++++ INPUT DATA

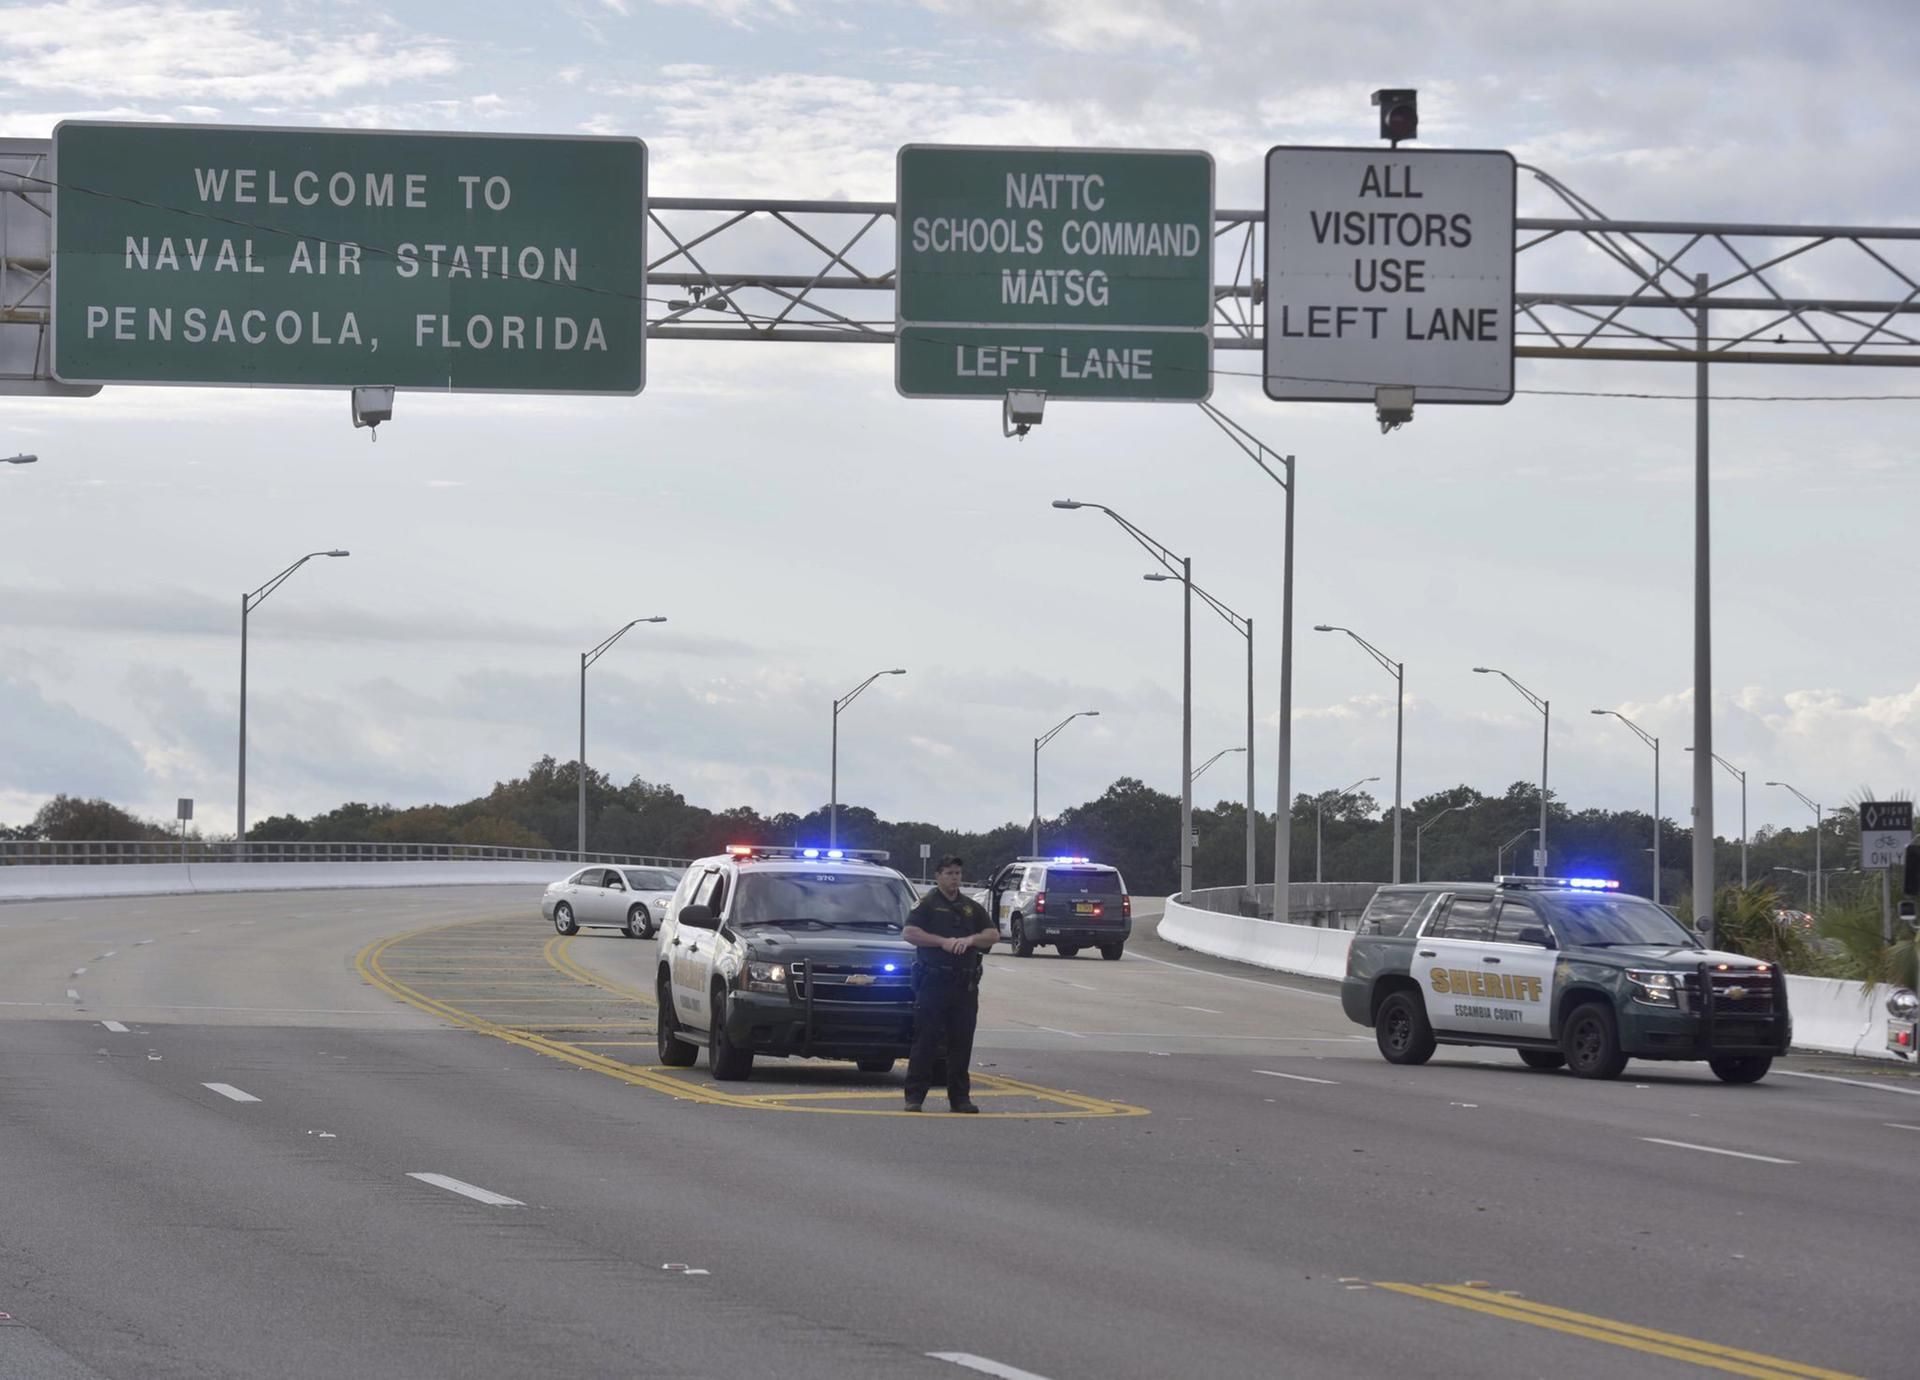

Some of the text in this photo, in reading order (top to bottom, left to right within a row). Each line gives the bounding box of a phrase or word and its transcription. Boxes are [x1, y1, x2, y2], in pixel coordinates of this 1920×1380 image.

[194, 168, 511, 211] WELCOME TO
[1006, 172, 1105, 212] NATTC
[1359, 164, 1423, 199] ALL
[913, 217, 1200, 257] SCHOOLS COMMAND
[1310, 210, 1472, 249] VISITORS
[125, 236, 577, 281] NAVAL AIR STATION
[1354, 258, 1425, 293] USE
[1002, 268, 1109, 307] MATSG
[87, 305, 607, 353] PENSACOLA, FLORIDA
[1282, 305, 1498, 342] LEFT LANE
[957, 345, 1153, 380] LEFT LANE
[1882, 818, 1908, 826] LANE
[1871, 852, 1904, 865] ONLY
[1430, 967, 1543, 1002] SHERIFF
[1454, 1004, 1523, 1021] ESCAMBIA COUNTY

++++++++

▸ **ASSIGNED TASK**: Transcribe each record exactly as it appears, but omit every picture.

▸ **OUTPUT FOR THIS EXERCISE**:
Some of the text in this photo, in reading order (top to bottom, left to right within a row). Each line gives the bounding box of a phrase or word and its transcription. Boxes are [x1, y1, x2, y2], in pixel coordinates of this 1920×1380 image.

[194, 168, 511, 211] WELCOME TO
[1006, 172, 1105, 212] NATTC
[1359, 164, 1423, 199] ALL
[913, 217, 1200, 257] SCHOOLS COMMAND
[1310, 210, 1472, 249] VISITORS
[125, 236, 577, 281] NAVAL AIR STATION
[1354, 258, 1425, 293] USE
[1002, 268, 1109, 307] MATSG
[87, 305, 607, 353] PENSACOLA, FLORIDA
[1282, 305, 1498, 342] LEFT LANE
[957, 345, 1153, 380] LEFT LANE
[1882, 818, 1908, 826] LANE
[1871, 852, 1904, 865] ONLY
[1430, 967, 1543, 1002] SHERIFF
[1454, 1004, 1523, 1021] ESCAMBIA COUNTY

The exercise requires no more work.